Task goal - Only the lines from the one containing "this 1344×1512 image." through the last line of the material should be returned, each exactly as it stands.

Data for the task -
►

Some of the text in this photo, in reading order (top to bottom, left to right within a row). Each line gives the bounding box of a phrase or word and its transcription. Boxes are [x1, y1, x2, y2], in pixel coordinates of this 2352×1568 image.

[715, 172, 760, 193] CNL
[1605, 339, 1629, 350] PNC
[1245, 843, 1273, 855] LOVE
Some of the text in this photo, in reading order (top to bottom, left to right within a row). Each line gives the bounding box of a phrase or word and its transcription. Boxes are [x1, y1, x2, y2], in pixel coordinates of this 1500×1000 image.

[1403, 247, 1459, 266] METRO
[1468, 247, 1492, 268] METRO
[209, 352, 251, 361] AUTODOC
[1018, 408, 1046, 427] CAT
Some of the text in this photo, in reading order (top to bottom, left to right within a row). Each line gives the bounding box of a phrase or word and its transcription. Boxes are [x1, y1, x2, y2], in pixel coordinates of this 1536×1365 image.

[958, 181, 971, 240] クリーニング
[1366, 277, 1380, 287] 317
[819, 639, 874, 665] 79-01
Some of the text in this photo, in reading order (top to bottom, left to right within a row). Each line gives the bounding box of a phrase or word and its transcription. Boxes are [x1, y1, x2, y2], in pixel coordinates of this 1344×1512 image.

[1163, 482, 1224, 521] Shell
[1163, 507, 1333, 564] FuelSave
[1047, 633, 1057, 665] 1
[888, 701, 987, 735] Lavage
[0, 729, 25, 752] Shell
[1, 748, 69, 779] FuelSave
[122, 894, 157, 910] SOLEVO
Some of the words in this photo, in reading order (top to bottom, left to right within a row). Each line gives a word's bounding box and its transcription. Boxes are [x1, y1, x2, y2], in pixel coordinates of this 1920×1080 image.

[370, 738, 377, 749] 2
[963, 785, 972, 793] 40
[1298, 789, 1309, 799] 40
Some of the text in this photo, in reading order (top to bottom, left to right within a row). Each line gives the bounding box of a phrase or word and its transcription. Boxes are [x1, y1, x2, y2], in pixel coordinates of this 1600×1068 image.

◄

Answer to this exercise -
Some of the text in this photo, in reading order (top to bottom, left to right within a row). Each line gives the bounding box of a phrase or word and its transcription. Boxes are [x1, y1, x2, y2], in pixel coordinates of this 1344×1512 image.

[1163, 482, 1224, 521] Shell
[1163, 507, 1333, 564] FuelSave
[1047, 633, 1057, 665] 1
[888, 701, 987, 735] Lavage
[0, 729, 25, 752] Shell
[1, 748, 69, 779] FuelSave
[122, 894, 157, 910] SOLEVO
Some of the words in this photo, in reading order (top to bottom, left to right within a row). Each line gives a word's bounding box and its transcription. Boxes are [x1, y1, x2, y2], in pixel coordinates of this 1920×1080 image.

[370, 738, 377, 749] 2
[963, 785, 972, 793] 40
[1298, 789, 1309, 799] 40
Some of the text in this photo, in reading order (top to bottom, left to right within a row). Each line gives the bounding box of a phrase or word and its transcription. Boxes are [x1, y1, x2, y2], in pixel coordinates of this 1600×1068 image.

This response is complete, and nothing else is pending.